Tout aussi grave, l'Etat n'a pas accès aux caractéristiques des produits soumis à une REP, alors même que ces caractéristiques servent de base aux modulations des éco-contributions. Il est donc dans l'incapacité de contrôler l'intérêt et l'effectivité des mesures d'éco-conception. La Cour des comptes avait déjà pointé ce problème dans un rapport sur la filière emballages ménagers : les modalités du barème "ont été établies par les services d'Eco-Emballages [et], au-delà des principes généraux, [les pouvoirs publics] ne disposent pas de compétences pour contester réellement les propositions de l'éco-organisme".

Dans le même esprit, l'Etat connaît mal les dépenses des collectivités, ainsi que les soutiens versés par les éco-organismes, en matière de gestion des déchets soumis à une REP. Il ne peut donc pas établir correctement les barèmes de soutiens financiers que les producteurs soumis à un principe de REP doivent verser aux collectivités en fonction de leurs coûts de gestion des déchets, explique le ministère de la Transition écologique.

S'assurer du bon financement des REP

L'article 7 du projet de loi devrait permettre de répondre à ces problèmes.

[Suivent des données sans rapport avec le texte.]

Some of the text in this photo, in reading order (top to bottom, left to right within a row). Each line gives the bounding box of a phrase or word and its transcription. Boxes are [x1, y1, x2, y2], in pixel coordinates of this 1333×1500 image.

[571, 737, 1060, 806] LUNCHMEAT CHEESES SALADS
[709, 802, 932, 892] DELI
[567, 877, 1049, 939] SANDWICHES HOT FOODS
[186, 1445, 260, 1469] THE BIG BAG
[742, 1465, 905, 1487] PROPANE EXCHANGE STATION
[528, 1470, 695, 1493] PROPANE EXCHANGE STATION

Les producteurs, importateurs ou exportateurs de produits générateurs de déchets, ainsi que les éco-organismes, devront communiquer aux pouvoirs publics "toutes informations utiles relatives à la présence éventuelle de substances dangereuses dans leurs produits, sur les modes de gestion des déchets qui en sont issus et sur les conséquences de leur mise en œuvre". Sont visés ici, entre autres, les retardateurs de flamme bromés évoqués précédemment.

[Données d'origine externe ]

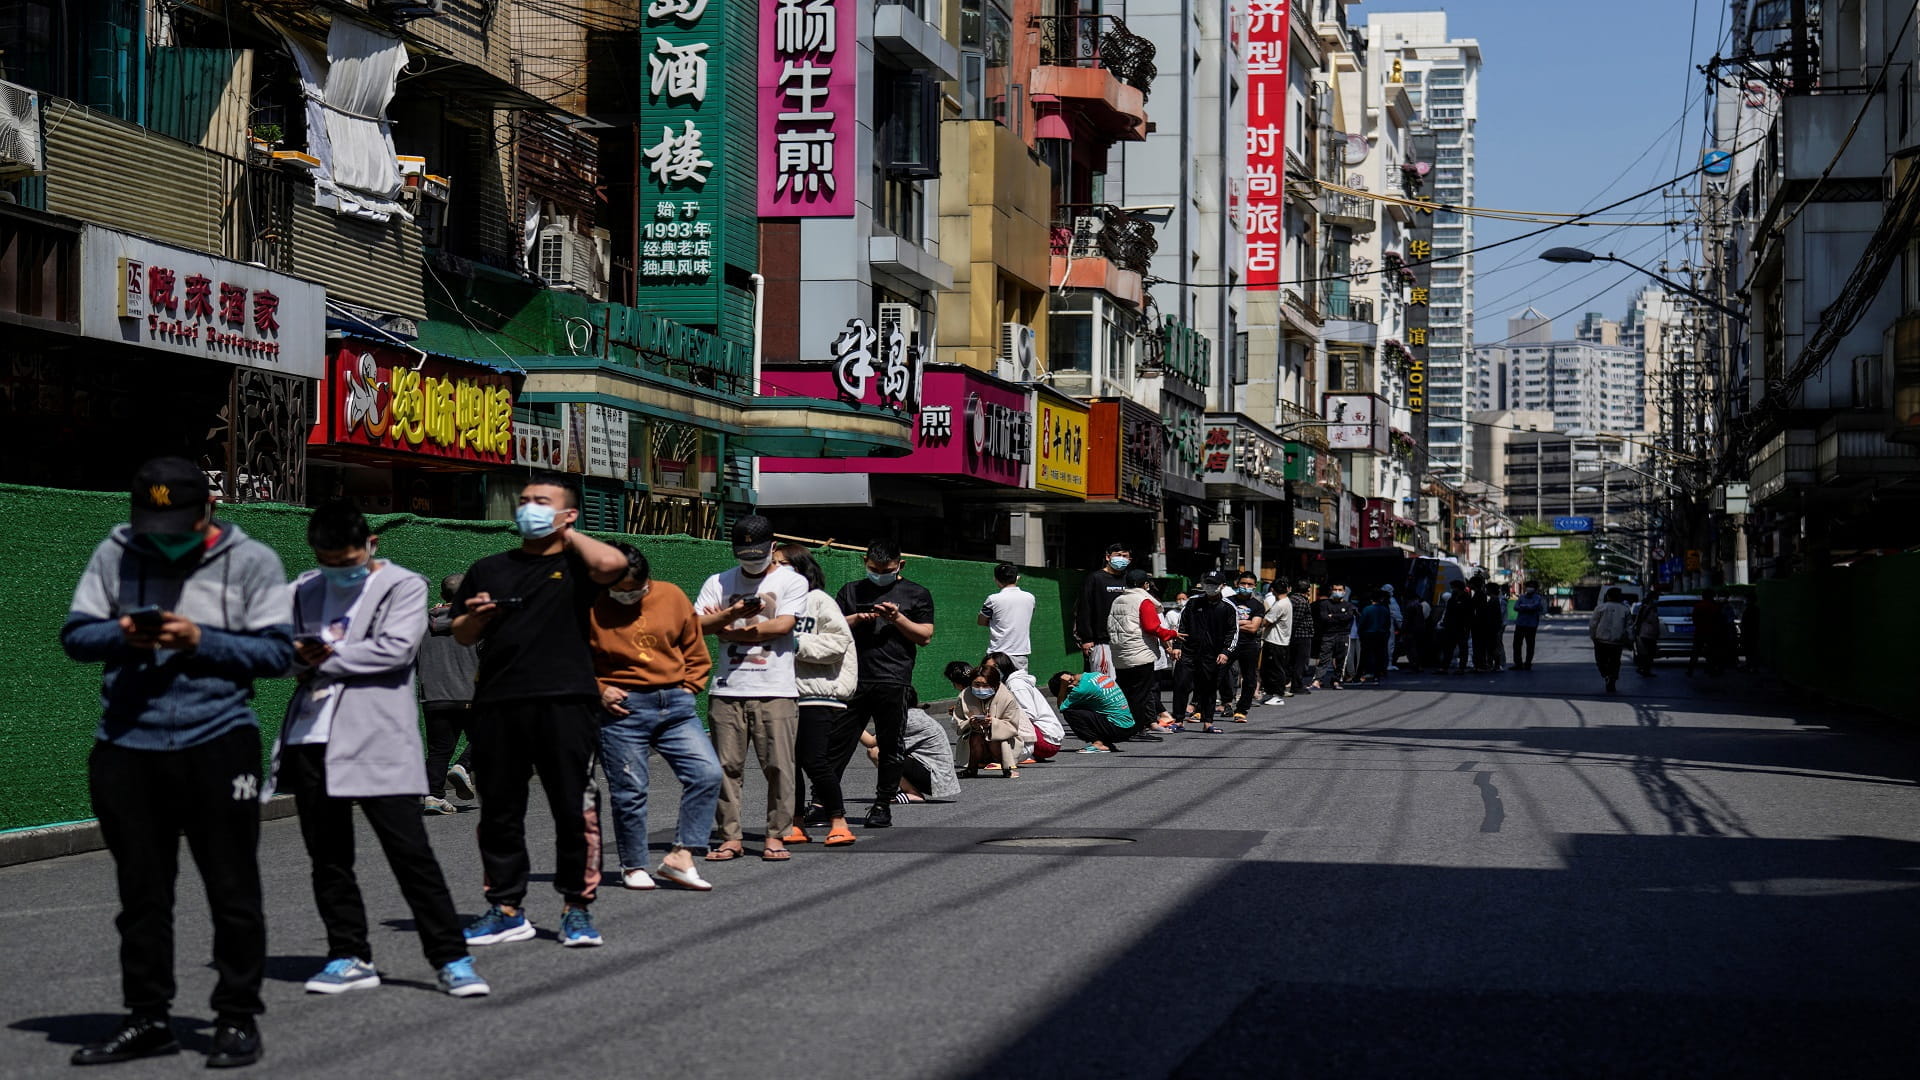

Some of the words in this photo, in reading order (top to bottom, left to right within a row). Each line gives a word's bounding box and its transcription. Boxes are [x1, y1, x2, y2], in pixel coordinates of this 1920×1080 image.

Plus globalement, le texte vise les "données quantitatives et [les] caractéristiques (…) ainsi [que les] informations économiques (…) relatives aux mesures de prévention et de gestion des déchets". Les producteurs sont concernés en tant que metteurs sur le marché d'objets qui deviendront des déchets en fin de vie et les éco-organismes en tant qu'ils "contribuent activement à l'éco-conception des produits tout en étant les prescripteurs des modalités de gestion des déchets issus de ces produits", justifie le ministère.

Quant aux collectivités locales, elles devront fournir à l'Etat les "données et informations économiques relatives à la gestion des déchets (…) issus des produits soumis au principe de responsabilité élargie du producteur". Ici, l'objectif est de "doter l'Etat d'outils permettant de suivre l'équilibre économique des filières de responsabilité élargie des producteurs", explique le ministère. Celui-ci veut "s'assurer que les coûts supportés par les collectivités sont suffisamment soutenus par les éco-organismes et s'assurer que ces derniers perçoivent les contributions financières des producteurs correspondant aux coûts de prévention et de gestion des déchets issus de leurs produits".